> **Instructions to follow**
Every record below is to be restated word for word, and no picture is to be copied.

*** Stored data Section Begins ***

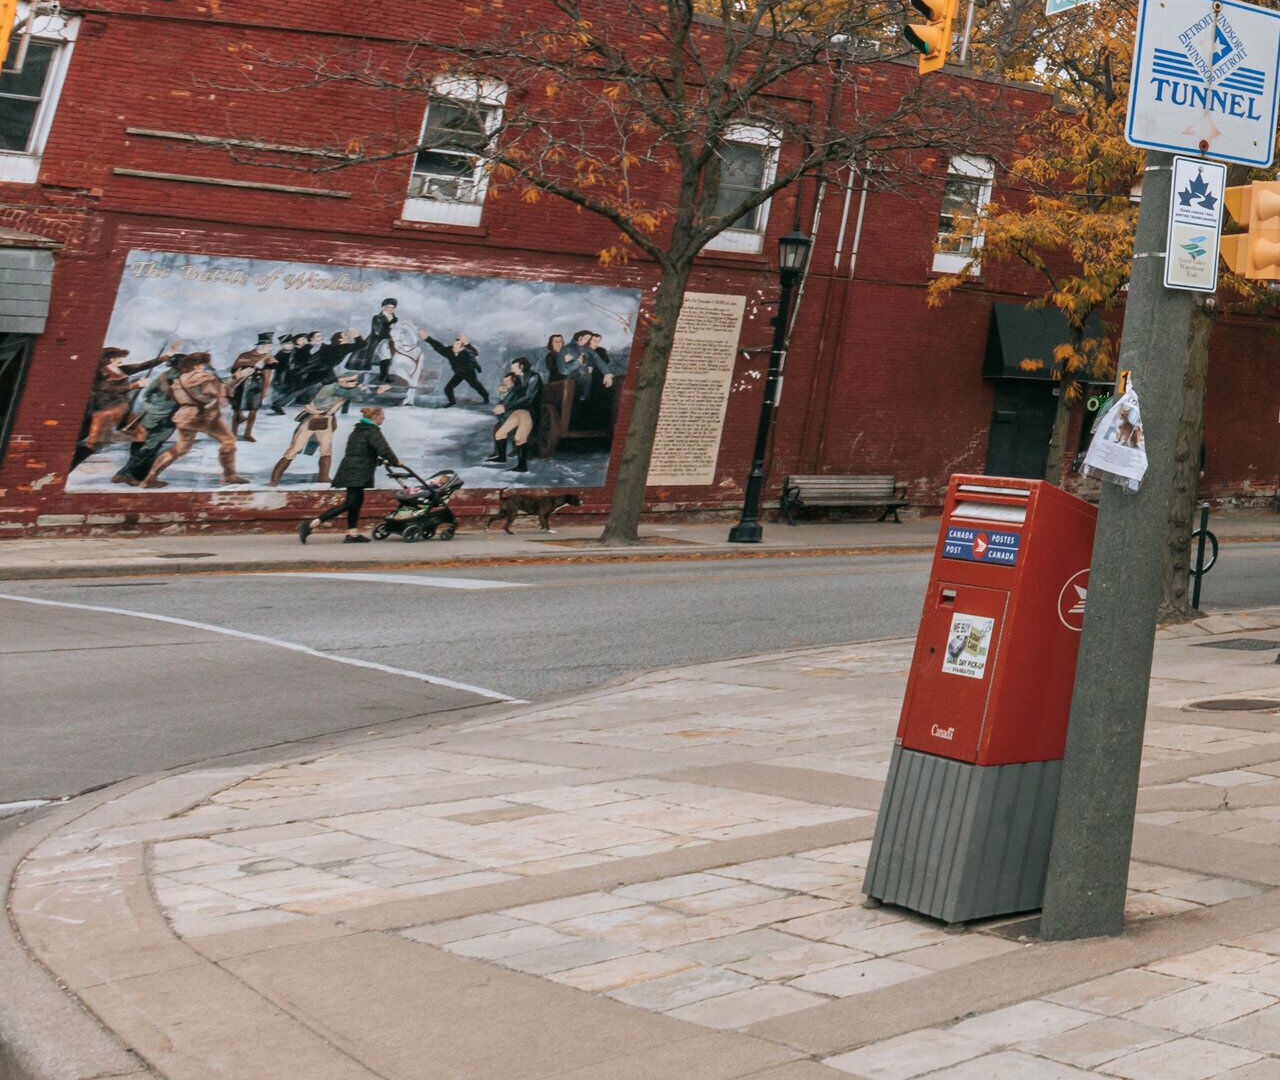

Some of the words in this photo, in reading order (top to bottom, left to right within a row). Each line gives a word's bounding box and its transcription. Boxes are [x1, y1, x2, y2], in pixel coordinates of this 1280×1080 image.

[1178, 12, 1213, 44] DETROIT
[1217, 13, 1243, 52] INDSOR
[1184, 41, 1216, 85] WINDSOR
[1213, 47, 1248, 79] DETROIT
[1151, 77, 1261, 121] TUNNEL
[129, 261, 168, 279] The
[180, 264, 248, 286] Battle
[255, 269, 283, 292] of
[283, 271, 373, 293] Windsor
[946, 545, 962, 554] POST
[949, 530, 974, 540] CANADA
[991, 535, 1015, 545] POSTES
[988, 550, 1014, 561] CANADA
[931, 724, 954, 740] Canada
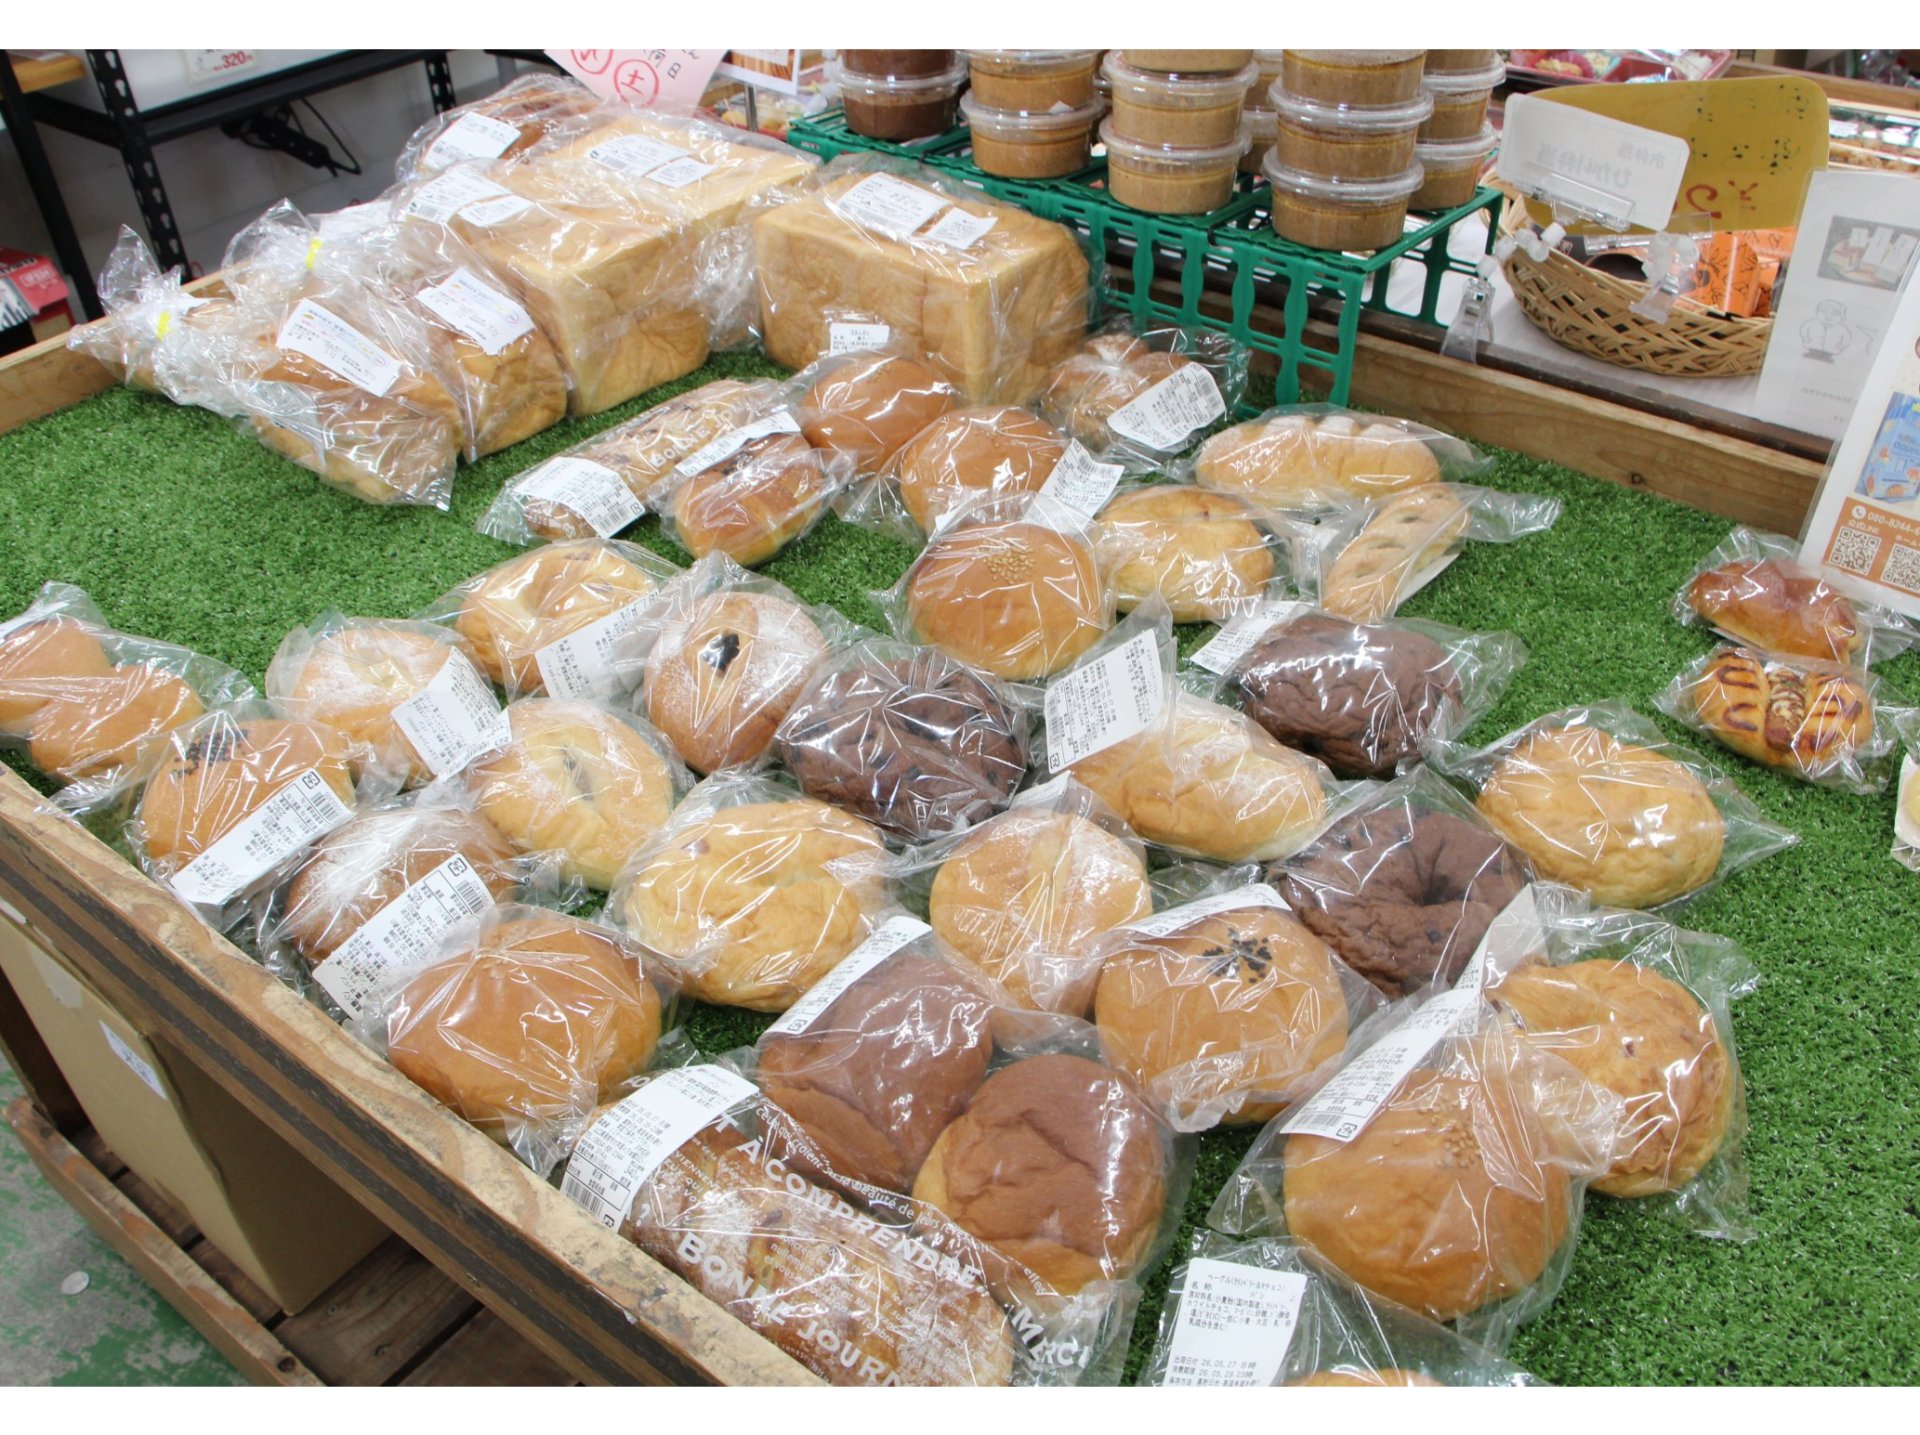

*** Stored data Section Ends ***

> **Response below**
Some of the words in this photo, in reading order (top to bottom, left to right within a row). Each line gives a word's bounding box and its transcription. Boxes are [x1, y1, x2, y2], in pixel coordinates of this 1280×1080 image.

[1178, 12, 1213, 44] DETROIT
[1217, 13, 1243, 52] INDSOR
[1184, 41, 1216, 85] WINDSOR
[1213, 47, 1248, 79] DETROIT
[1151, 77, 1261, 121] TUNNEL
[129, 261, 168, 279] The
[180, 264, 248, 286] Battle
[255, 269, 283, 292] of
[283, 271, 373, 293] Windsor
[946, 545, 962, 554] POST
[949, 530, 974, 540] CANADA
[991, 535, 1015, 545] POSTES
[988, 550, 1014, 561] CANADA
[931, 724, 954, 740] Canada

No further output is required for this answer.